::: EXERCISE INPUTS

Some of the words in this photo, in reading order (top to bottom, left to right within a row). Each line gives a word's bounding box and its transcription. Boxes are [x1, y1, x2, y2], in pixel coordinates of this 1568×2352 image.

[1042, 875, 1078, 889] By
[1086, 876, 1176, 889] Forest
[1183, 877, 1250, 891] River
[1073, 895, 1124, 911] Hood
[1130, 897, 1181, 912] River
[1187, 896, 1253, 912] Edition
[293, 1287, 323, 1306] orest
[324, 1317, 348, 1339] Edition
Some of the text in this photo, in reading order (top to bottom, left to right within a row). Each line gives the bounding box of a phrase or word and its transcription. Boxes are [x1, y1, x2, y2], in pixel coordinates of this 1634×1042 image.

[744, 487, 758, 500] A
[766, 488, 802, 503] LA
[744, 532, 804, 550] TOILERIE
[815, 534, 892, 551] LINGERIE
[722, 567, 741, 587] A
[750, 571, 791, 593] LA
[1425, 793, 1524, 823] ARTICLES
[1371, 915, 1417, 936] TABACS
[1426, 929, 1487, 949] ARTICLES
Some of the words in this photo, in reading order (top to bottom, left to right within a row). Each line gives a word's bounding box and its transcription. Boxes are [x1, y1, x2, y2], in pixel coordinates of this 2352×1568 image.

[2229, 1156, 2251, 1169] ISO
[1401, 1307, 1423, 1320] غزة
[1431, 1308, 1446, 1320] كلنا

::::::

ASSIGNMENT:
All lines from the one that contains "Some of the text" to the last line above must be given again exactly, with both included and nothing added.

EXERCISE RESPONSE:
Some of the text in this photo, in reading order (top to bottom, left to right within a row). Each line gives the bounding box of a phrase or word and its transcription. Boxes are [x1, y1, x2, y2], in pixel coordinates of this 1634×1042 image.

[744, 487, 758, 500] A
[766, 488, 802, 503] LA
[744, 532, 804, 550] TOILERIE
[815, 534, 892, 551] LINGERIE
[722, 567, 741, 587] A
[750, 571, 791, 593] LA
[1425, 793, 1524, 823] ARTICLES
[1371, 915, 1417, 936] TABACS
[1426, 929, 1487, 949] ARTICLES
Some of the words in this photo, in reading order (top to bottom, left to right within a row). Each line gives a word's bounding box and its transcription. Boxes are [x1, y1, x2, y2], in pixel coordinates of this 2352×1568 image.

[2229, 1156, 2251, 1169] ISO
[1401, 1307, 1423, 1320] غزة
[1431, 1308, 1446, 1320] كلنا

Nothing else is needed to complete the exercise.